MK Palmore: Yeah, so interestingly enough after listening to your topic, mine sort of sounds a bit like a pun and if you give me a little bit of room to, to talk, to talk about it a bit I think that we'll get down to the gist of what it is that I'm suggesting here but. So I chose the topic around, you know, like the most impactful breaches of 2021 so far and as I was going back and doing my research on the breaches, what I decided to do was sort of begin to tease out what, where I thought the common elements within those breaches and what it is that they tell us really about the future of cybersecurity and where we're heading. So as I looked at a number of them and I'm looking at my list right now on a spreadsheet, there's probably more than, you know, 15 or so notable ones on here, the usual accounting right.

MK Palmore: Millions of records, in some, in some of the larger ones I.e Astoria company we're talking about, an excess of 30 million records but the average is somewhere between 3,000,000 and 5,000,000 records in these breaches all having to do with personally identifiable information ultimately being cultivated and then actually traded out of these environments, the time to detection in these breaches continues to be in excess of 200+ days but that's not where I would like to taze out the, the thought leadership on this. It's really around the number of breaches that involve third party access to the ultimate destination of the adversary when they're heading towards getting this data.
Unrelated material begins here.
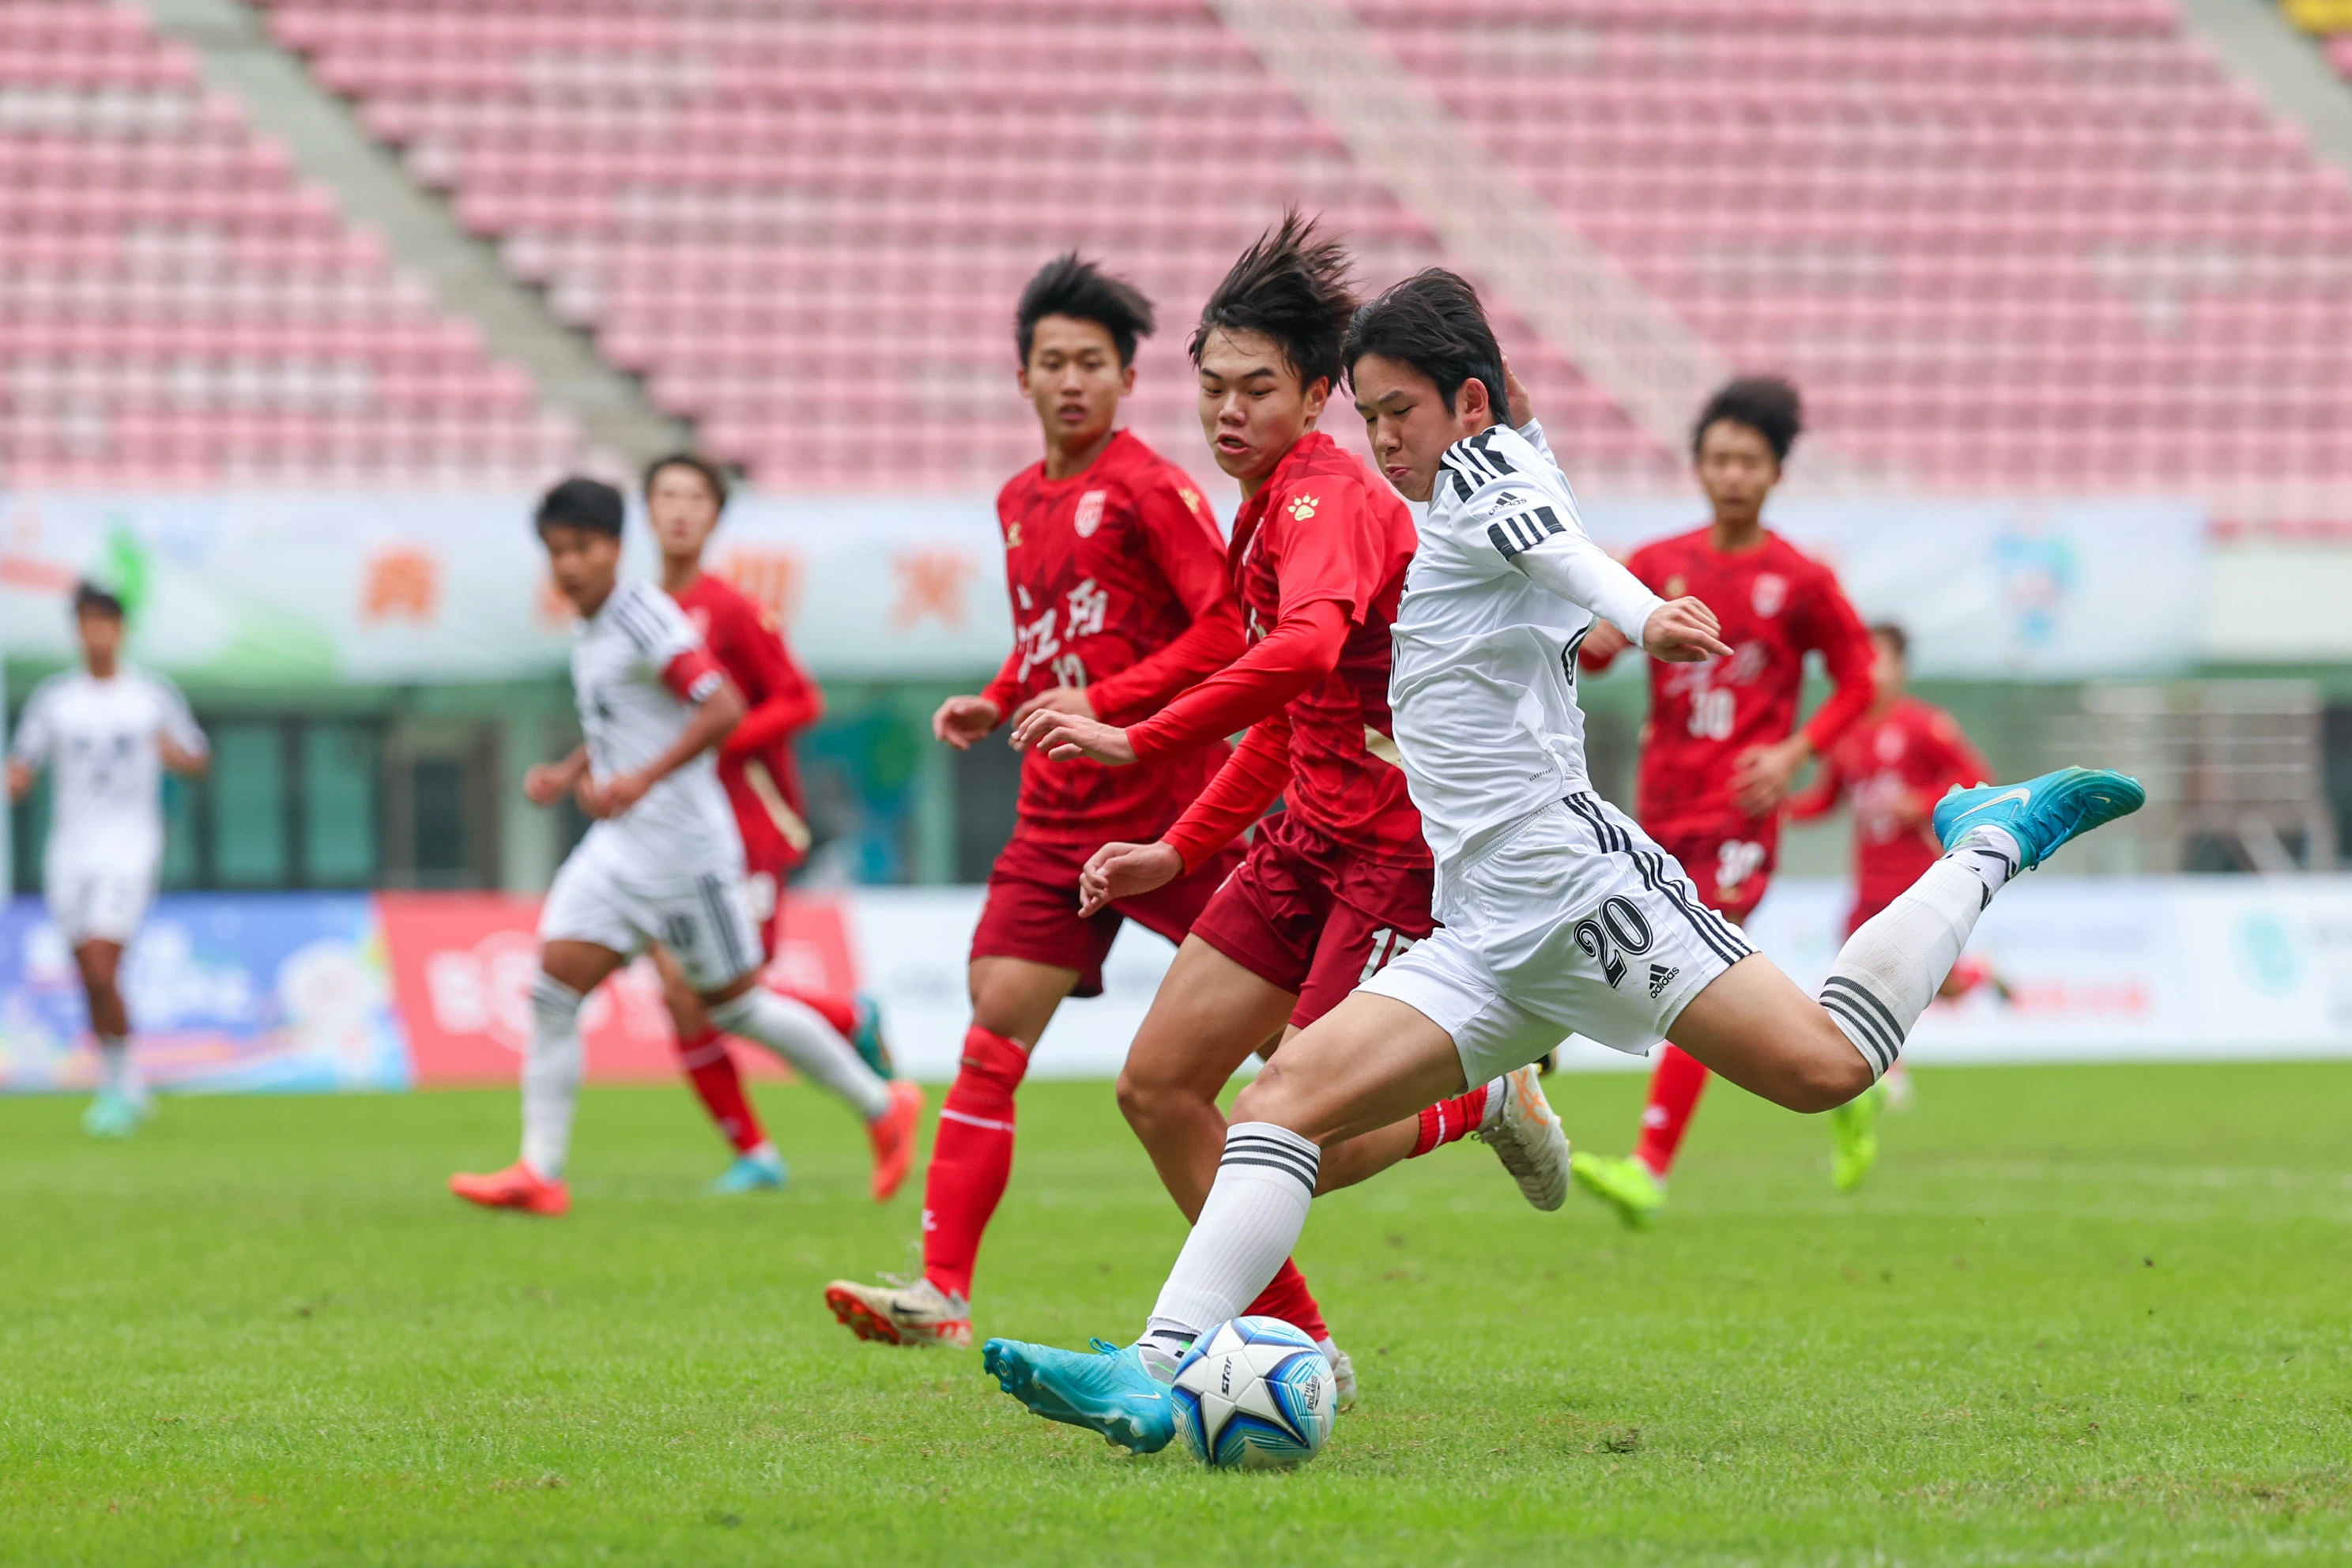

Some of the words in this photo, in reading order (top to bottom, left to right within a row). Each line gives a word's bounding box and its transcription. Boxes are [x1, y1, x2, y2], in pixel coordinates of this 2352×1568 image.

[1687, 687, 1737, 741] 30
[1574, 895, 1653, 989] 20
[1650, 967, 1680, 999] adidas
Rick Howard: Nearly all of them, greater than 50% of the breaches that we've seen this year have a third party component to it. We only need to look back to this time last year when we, when we began talking about solar winds and the ultimate impact that that was going to have on the industry and already this year we've seen a number of breaches that involve access to third party information and or data and they've used that in each of these instances to pivot into the desired environment and the component that's relevant here is the fact that these third parties are trusted entities that provide access to the main source of data and in allowing trust, again as we go back and think about the solar winds incident, we're talking about a level of trust that doesn't even require us to look at, you know, the, the downloads of updates.

MK Palmore: I want to know how it is that we're thinking differently about evaluating third party risk to our organizations and then ultimately with issues like Ransomware continuing, continuing to be relevant, how is it that we're looking at, you know, the future organizations. You mentioned Zero Trust earlier, I, I'm, I'm in agreement with you. I believe it's more than a buzz word. I think we need to start thinking much more holistically about the new approach to security that large scale organizations need to take and so I throw out those issues of third party access, I fail to mention cloud mis-configurations right. We know that a number of organizations, certainly in the past year, have begun clouded option in a, at a rate and in a way that they had not historically and so Cloud mis-configurations, a, a smaller component of those overall breaches that have been noted up to this point this year.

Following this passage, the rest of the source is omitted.